Source data

BEGIN

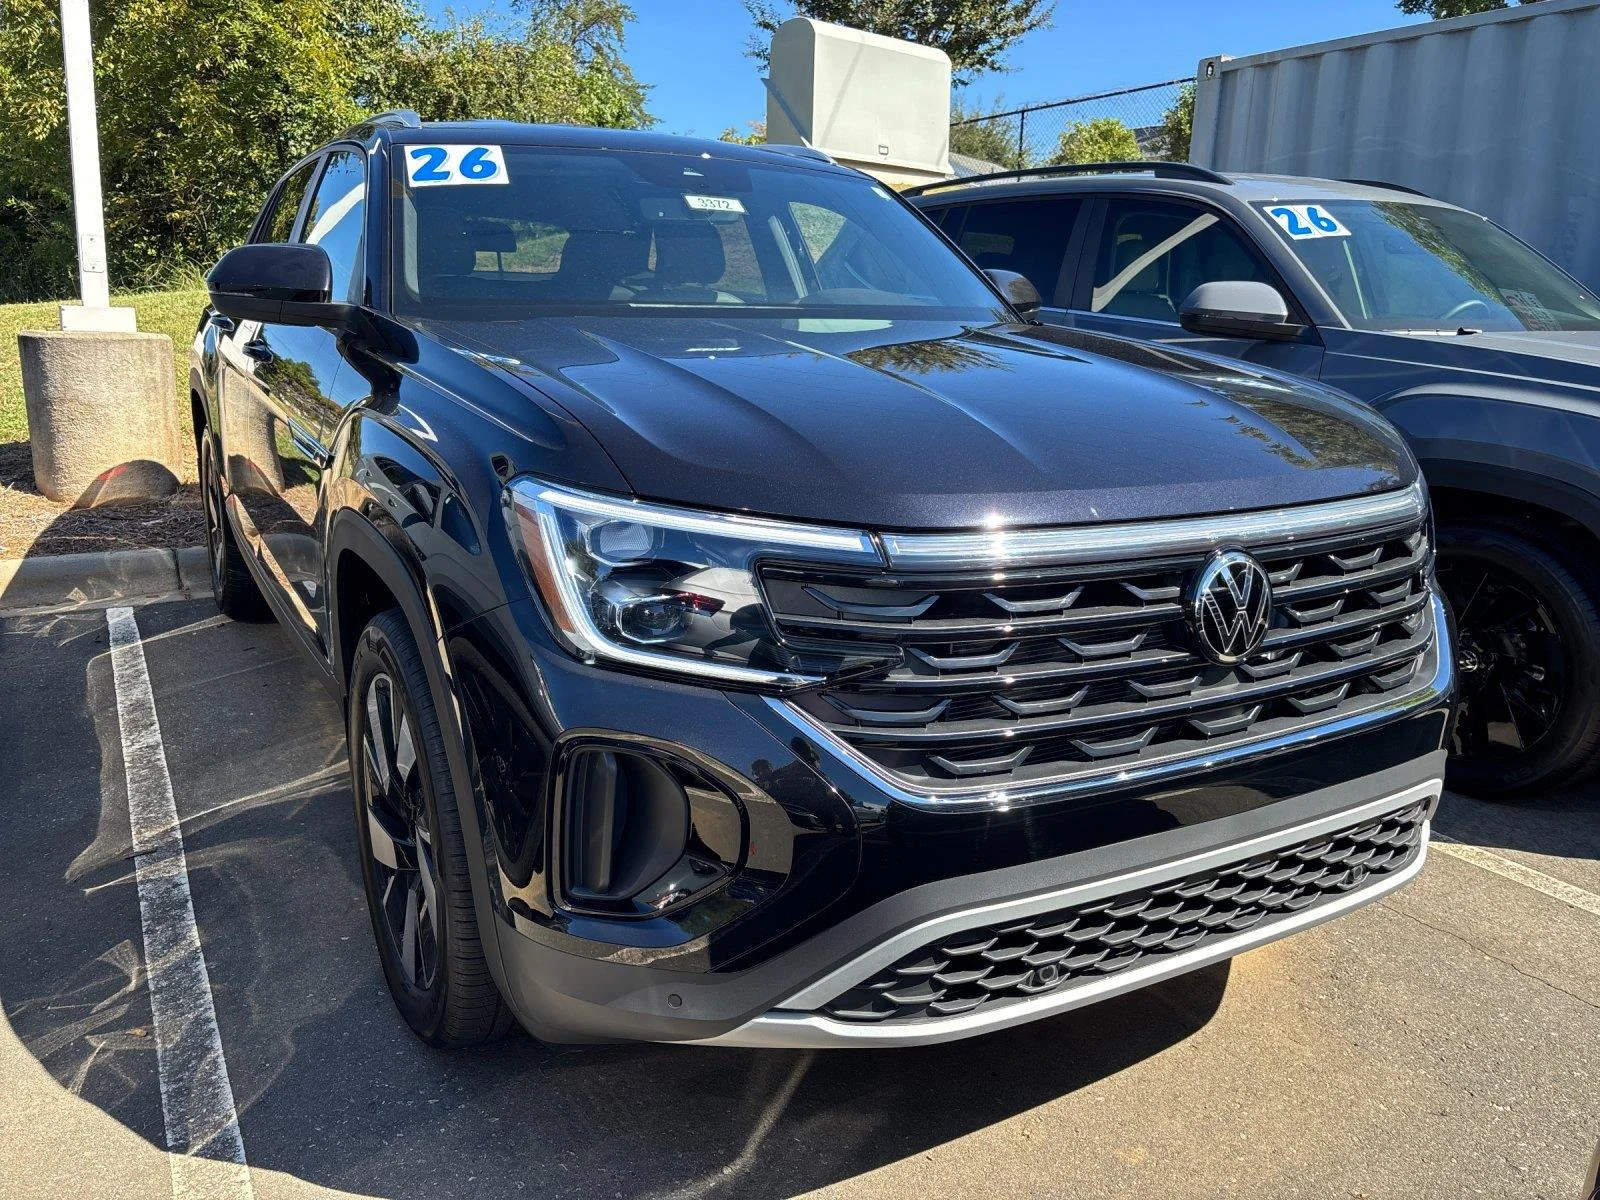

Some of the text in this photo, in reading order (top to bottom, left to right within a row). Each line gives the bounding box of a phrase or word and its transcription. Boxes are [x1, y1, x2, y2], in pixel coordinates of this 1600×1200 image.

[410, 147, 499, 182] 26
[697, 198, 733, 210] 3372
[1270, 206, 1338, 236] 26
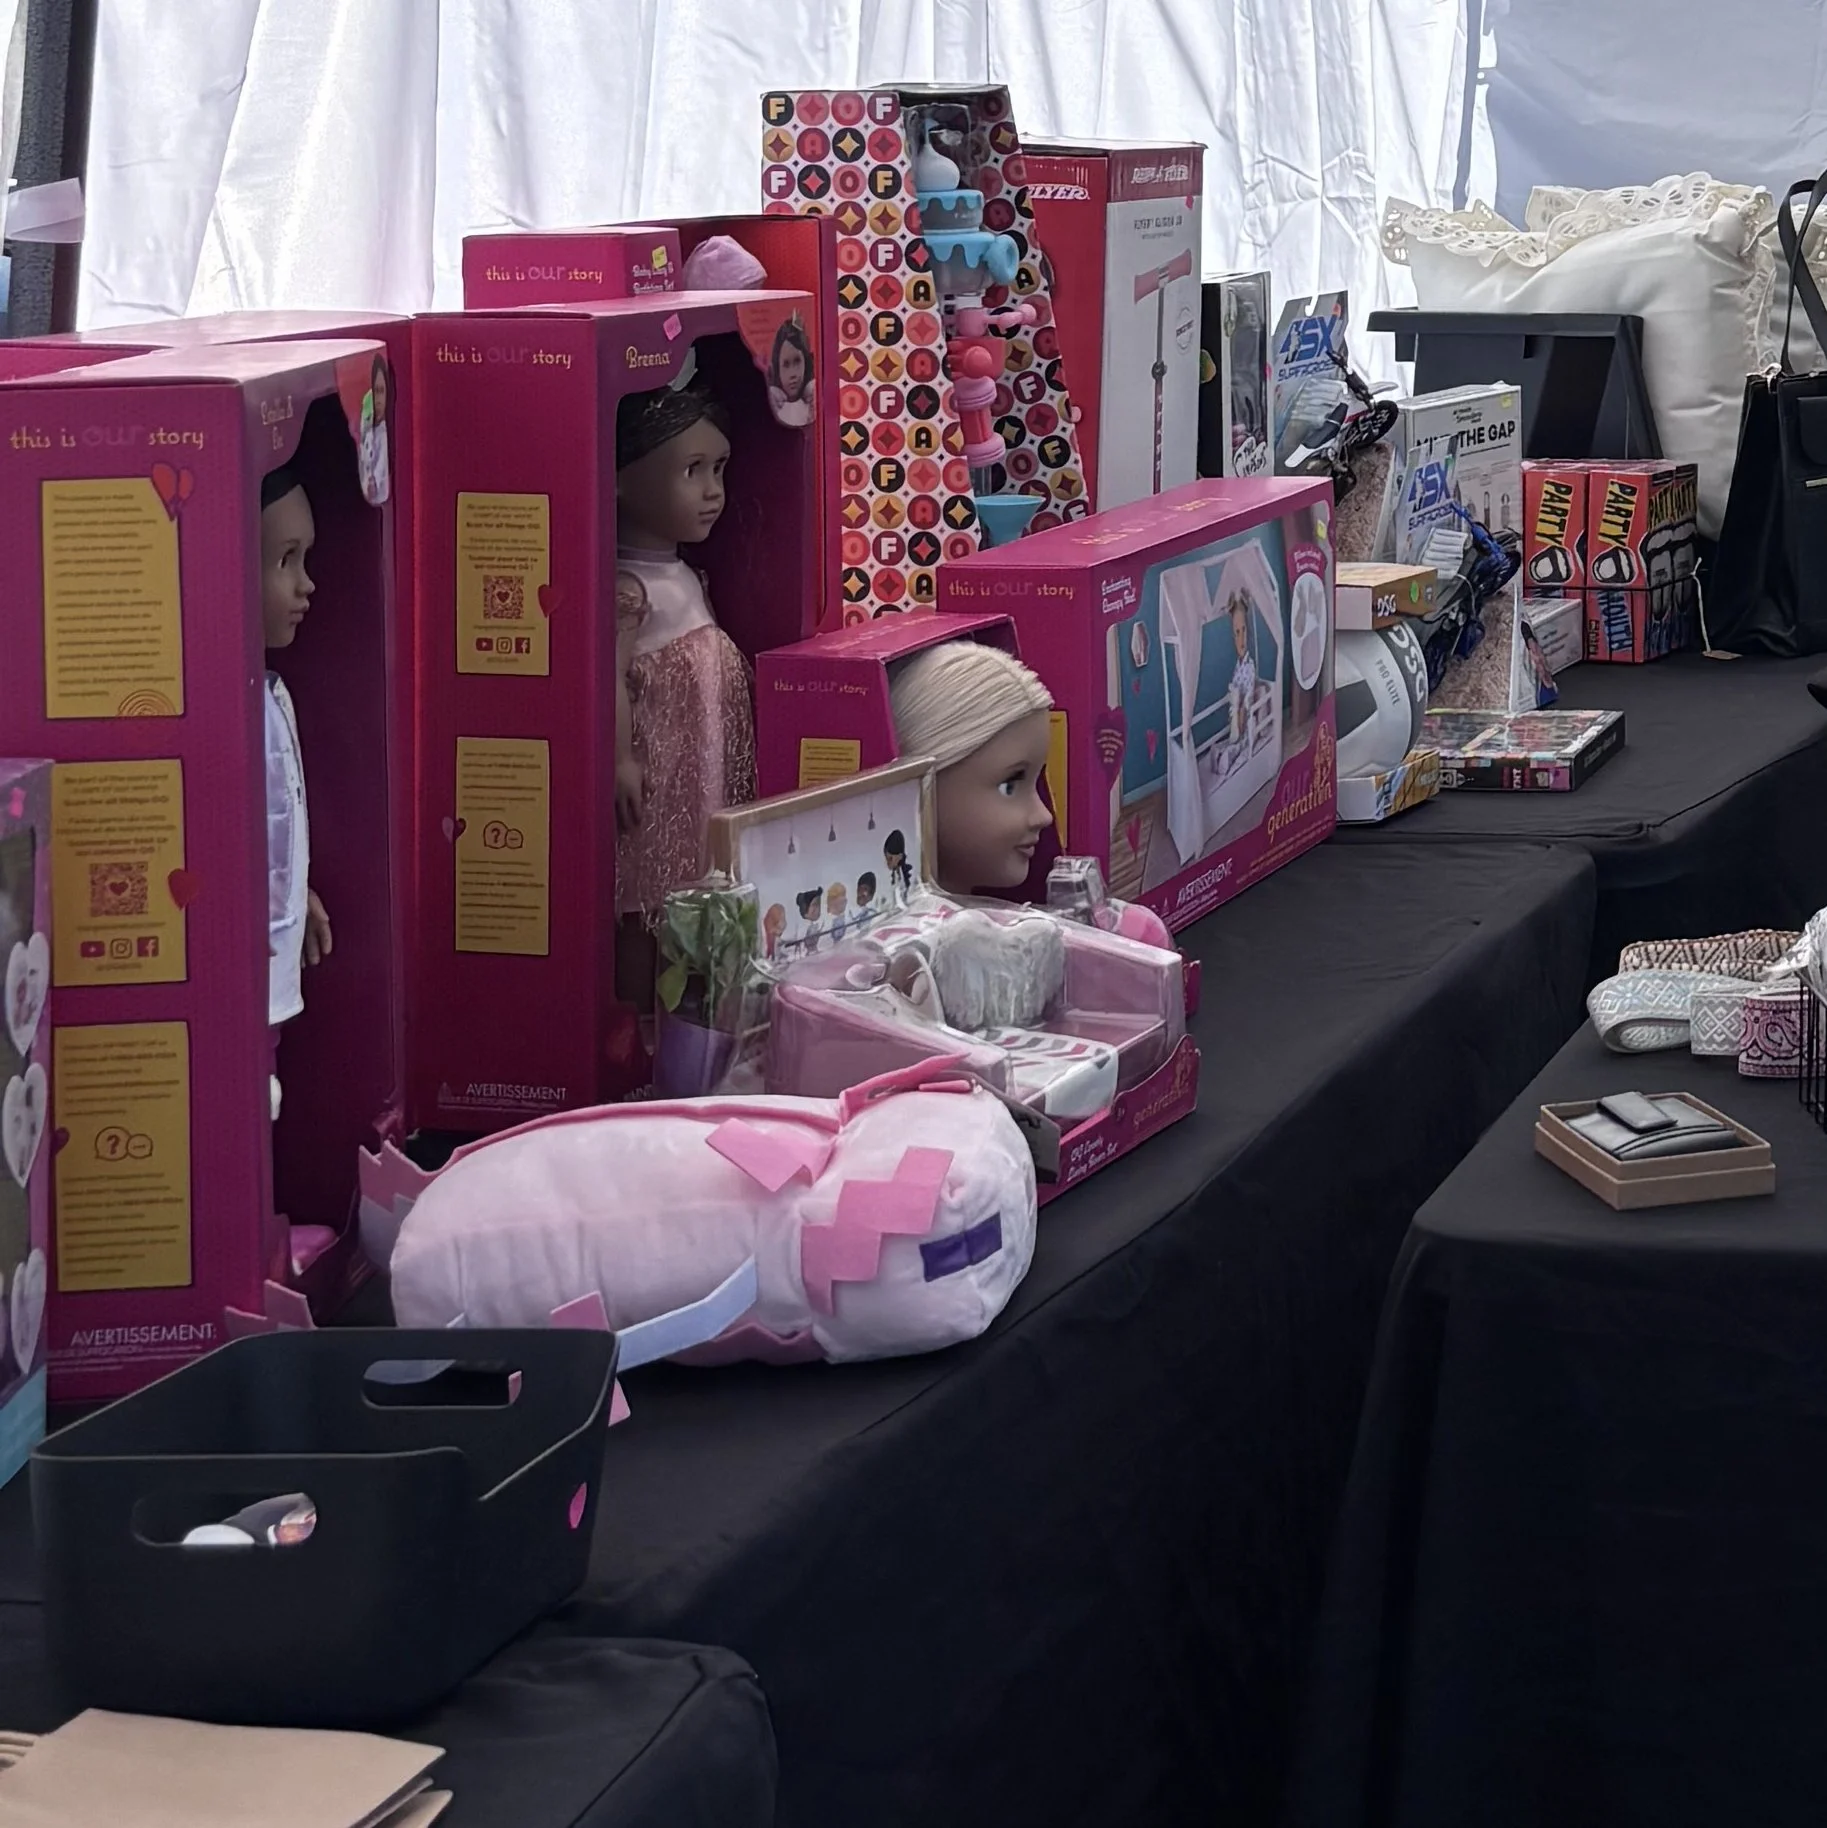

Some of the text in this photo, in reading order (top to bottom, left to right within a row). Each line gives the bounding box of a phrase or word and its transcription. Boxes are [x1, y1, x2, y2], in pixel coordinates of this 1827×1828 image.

END

Work order
A word-for-word transcription of the entries above, free of images, is what is wanted.

Solution to this problem
Some of the text in this photo, in reading order (top to bottom, left to right within a row). Each line gives the bounding box of a phrase or word and its transcription. Boxes are [x1, y1, x2, y2], in pixel coordinates of this 1600×1200 image.

[410, 147, 499, 182] 26
[697, 198, 733, 210] 3372
[1270, 206, 1338, 236] 26

Some of the text in this photo, in reading order (top to bottom, left to right within a row). Each line gives the bounding box of a phrase or word and its transcription. Boxes are [x1, y1, x2, y2], in pixel coordinates of this 1827×1828 image.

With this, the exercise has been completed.